Radiology Cases of Splenic Trauma

Radiology Cases of Incorrect CT Technique Without the Use of Intravenous Contrast for the Assessment of Blunt Abdominal Trauma

CT without intravenous contrast using incorrect technique for the assessment of blunt abdominal trauma
Axial CT without contrast of the abdomen shows grossly unremarkable unenhanced solid organs of the abdomen without free air or free fluid.

Radiology Cases of False Positive Splenic Trauma

CT of inhomogenous enhancement of the spleen and liver laceration
Axial CT with contrast of the abdomen shows a stellate area of low density in the right lobe of the liver. The spleen does not have a laceration, instead it demonstrates inhomogenous opacification due to the image being obtained in the arterial phase – note how dense the contrast in the aorta is.
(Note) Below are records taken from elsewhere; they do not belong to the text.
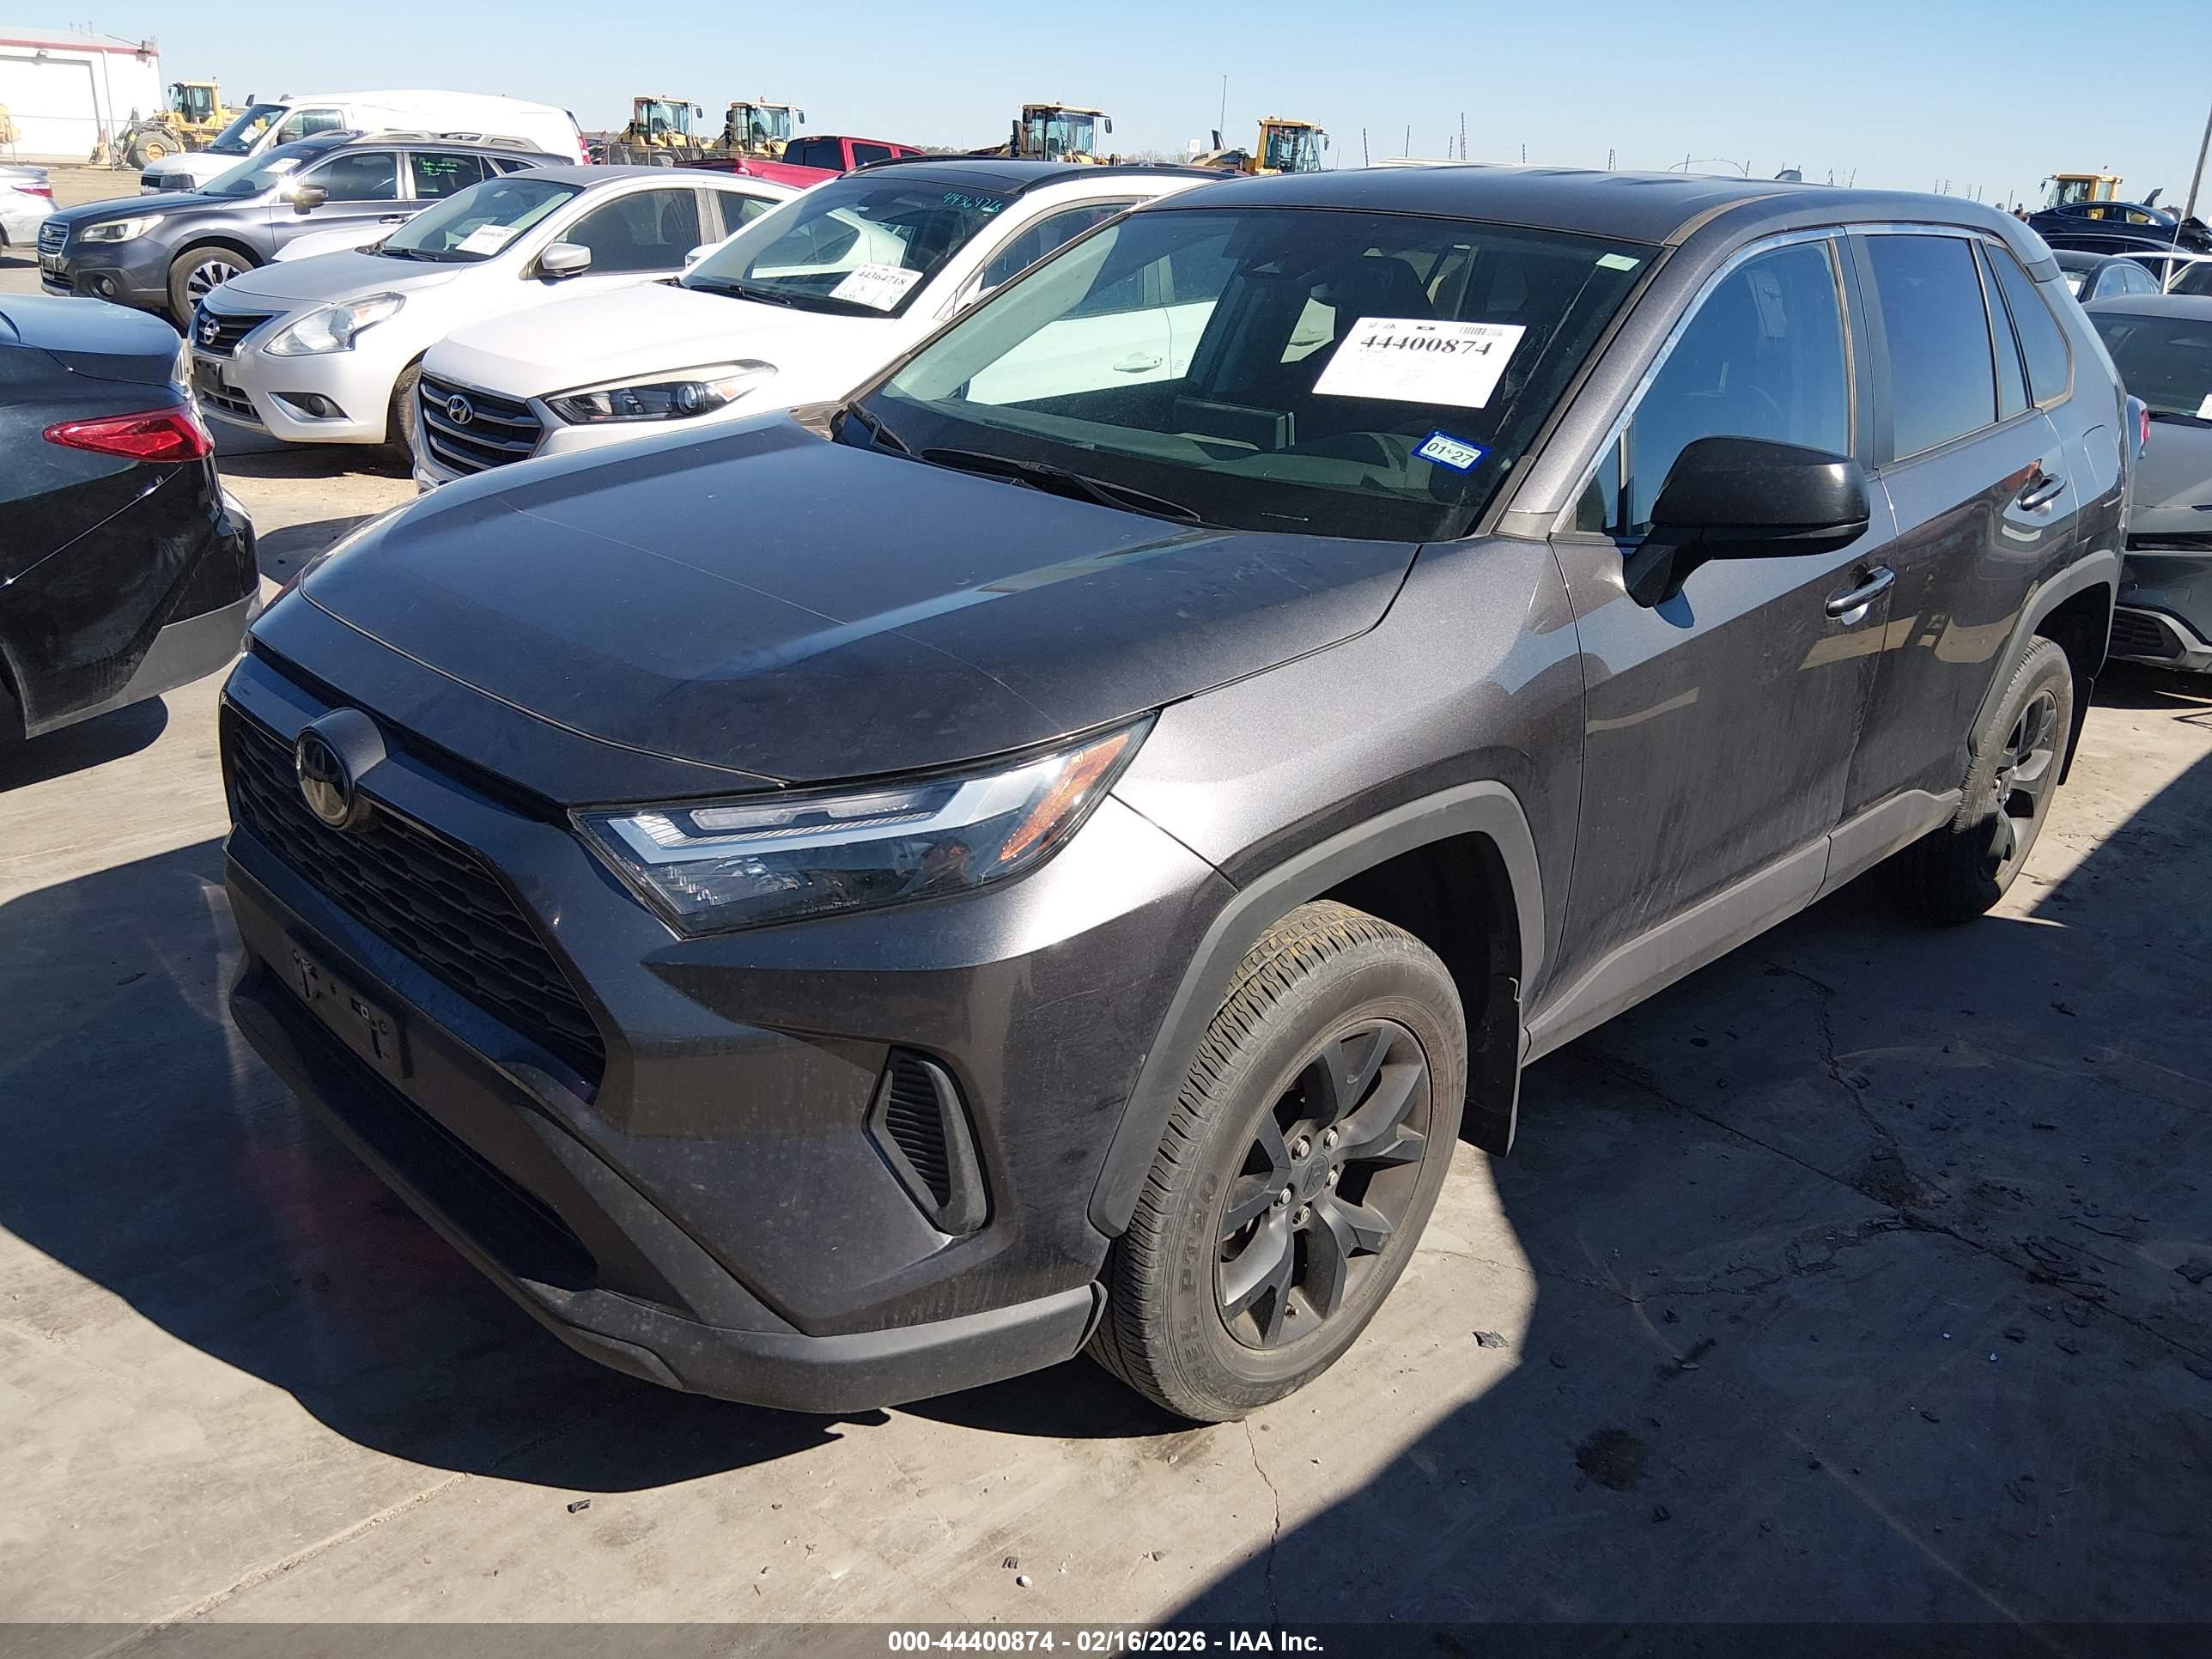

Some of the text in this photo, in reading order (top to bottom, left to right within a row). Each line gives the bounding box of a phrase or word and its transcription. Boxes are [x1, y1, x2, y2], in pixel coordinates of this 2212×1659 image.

[1360, 334, 1493, 356] 44400874
[1426, 442, 1447, 455] 01
[1449, 451, 1474, 464] 27
[1178, 1174, 1220, 1297] PT20
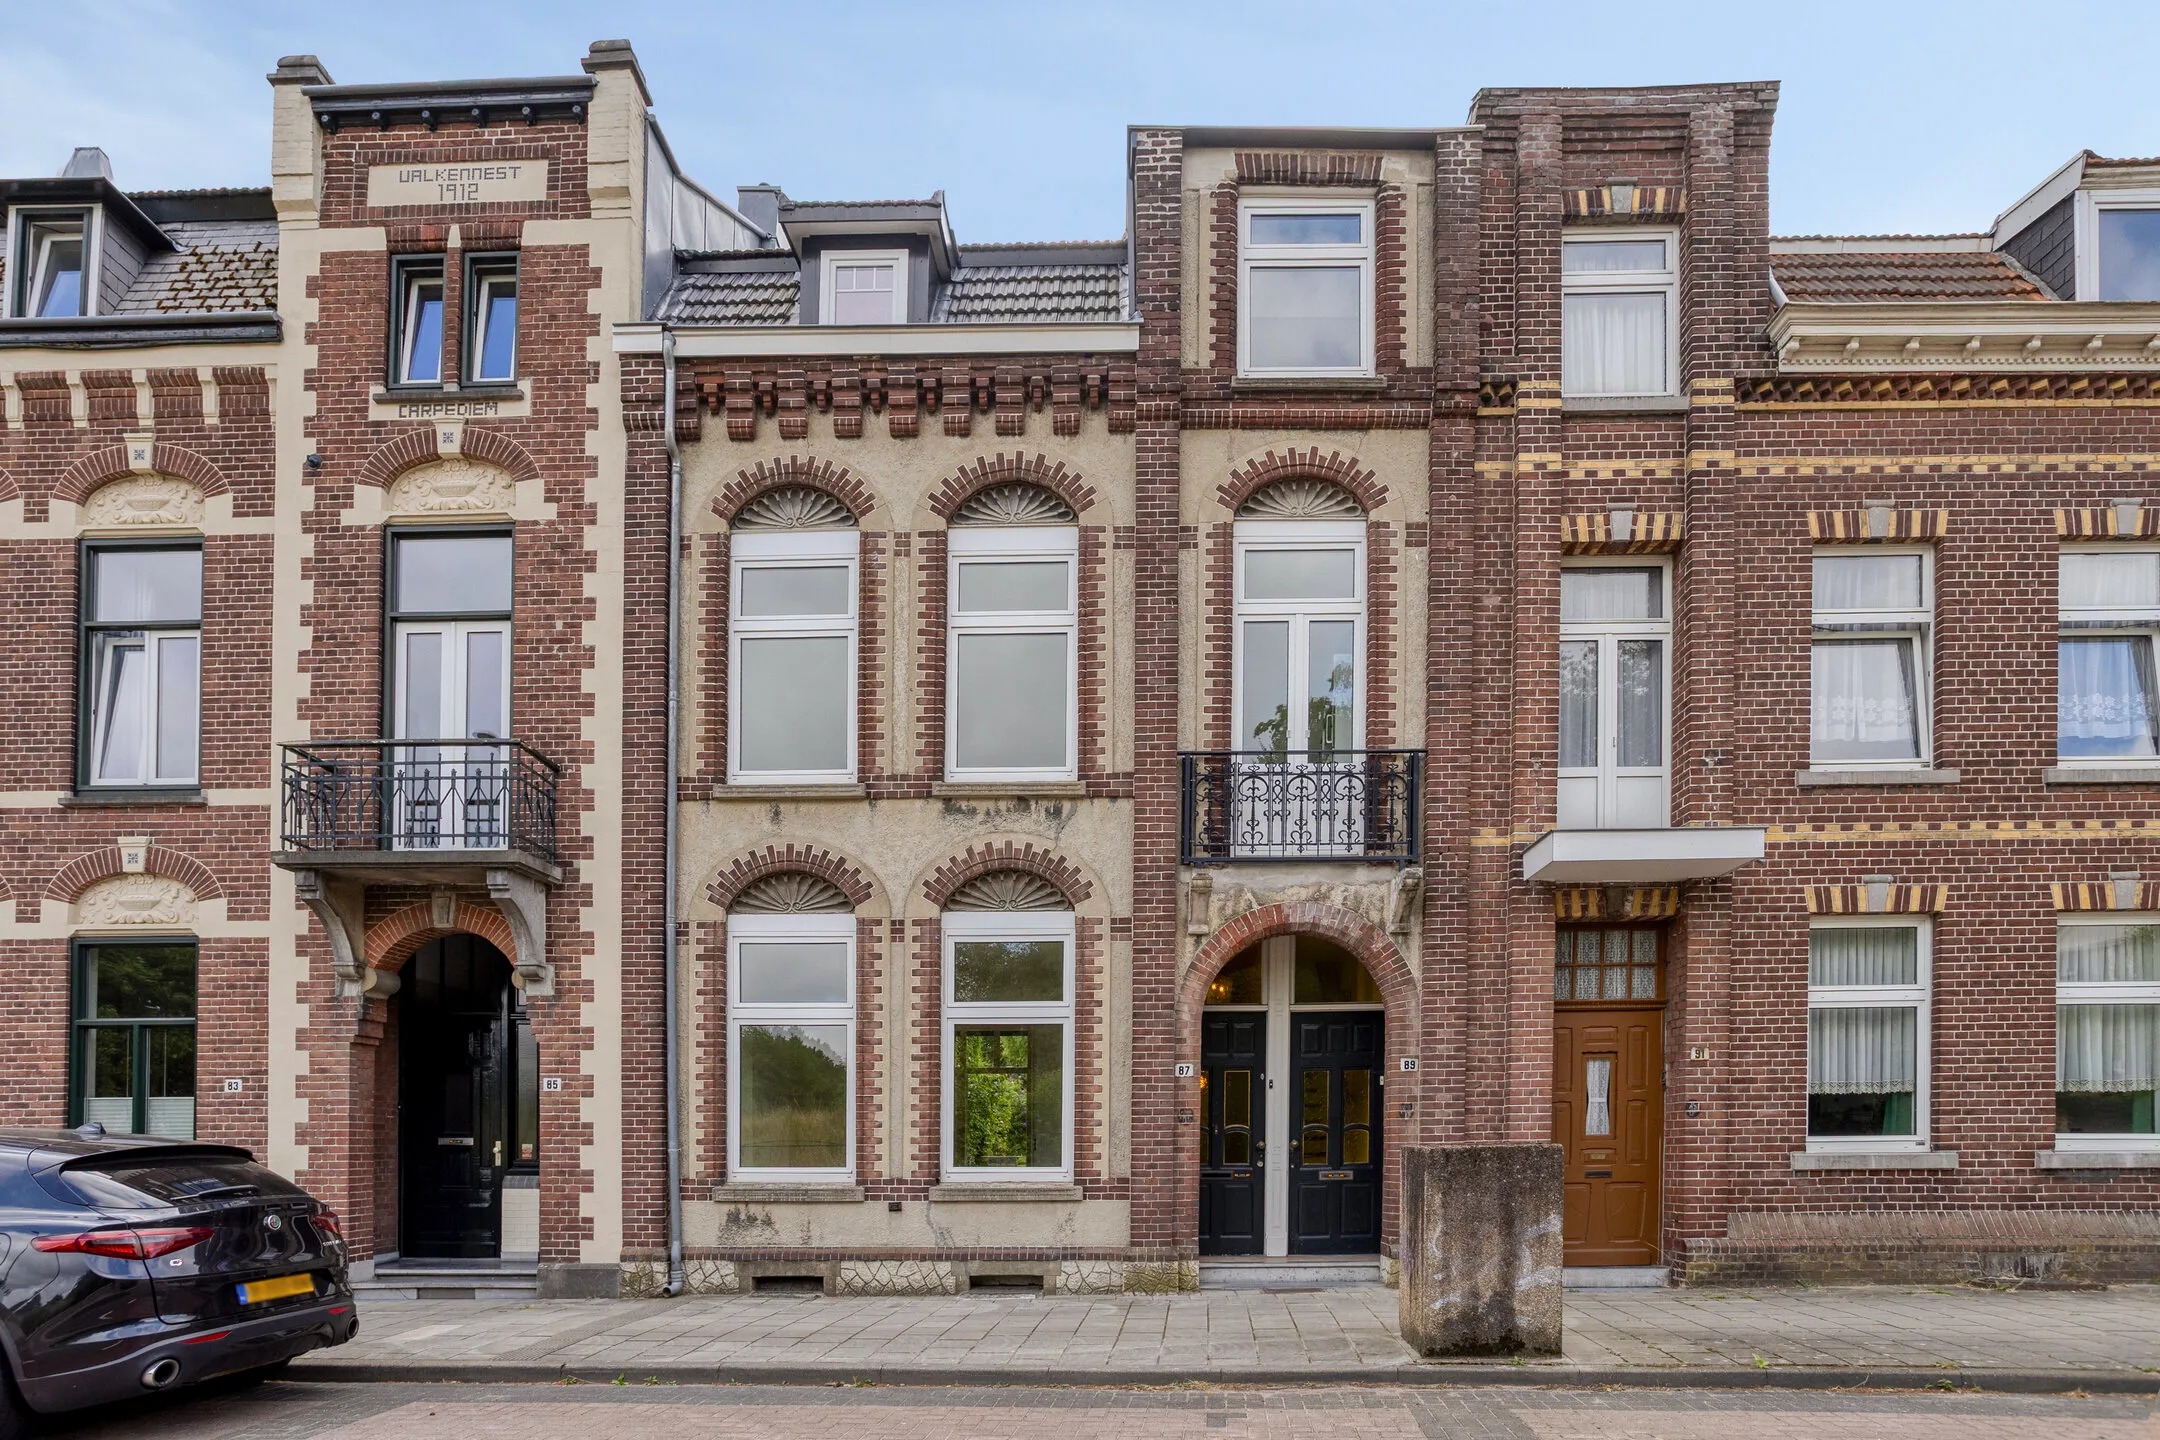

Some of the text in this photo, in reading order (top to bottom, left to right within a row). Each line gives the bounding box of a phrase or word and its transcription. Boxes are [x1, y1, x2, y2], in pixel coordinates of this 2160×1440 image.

Radiology Cases of Active Arterial Bleeding in Splenic Trauma

CT of active splenic bleeding
Axial CT with contrast of the abdomen (above) shows a low-density laceration in the center of the spleen with a round focus of high intensity in the middle of it felt to represent active bleeding. Axial CT with contrast of the pelvis (below) shows a large amount of fluid in the pelvis posterior to the bladder.

Radiology Cases of Splenic Laceration

CT of splenic laceration.
Axial CT with contrast of the abdomen shows multiple areas of low density throughout the spleen.
CT of laceration of the spleen
Axial CT with contrast of the abdomen shows a triangular area of low density in the center of the spleen.

Radiology Cases of Splenic Laceration and Hemoperitoneum

CT of splenic trauma / splenic laceration
Axial CT with contrast of the abdomen shows multiple areas of low density in the spleen, a perisplenic fluid collection, and a large amount of free fluid in the pelvis
CT of splenic laceration
Axial CT with contrast of the abdomen shows a laceration through the center of the spleen (above) and a large amount of hemoperitoneum in the pelvis (below).
CT of renal trauma / renal laceration and ureteral trauma / ureteral transection and splenic trauma / splenic laceration
Axial and coronal CT with contrast of the abdomen immediate phase (above) shows low density in the superior and inferior poles of the left kidney and fluid in the left perirenal and pararenal spaces. There is also a large area of low density in the spleen. Delayed phase CT images (below) show extravasation of urine out of the ureter into the left pararenal space.
CT of hemoperitoneum due to splenic trauma
Axial CT with contrast of the abdomen shows the bladder in the center of the image partially filled with contrast and surrounded by a large amount of free fluid throughout the pelvis.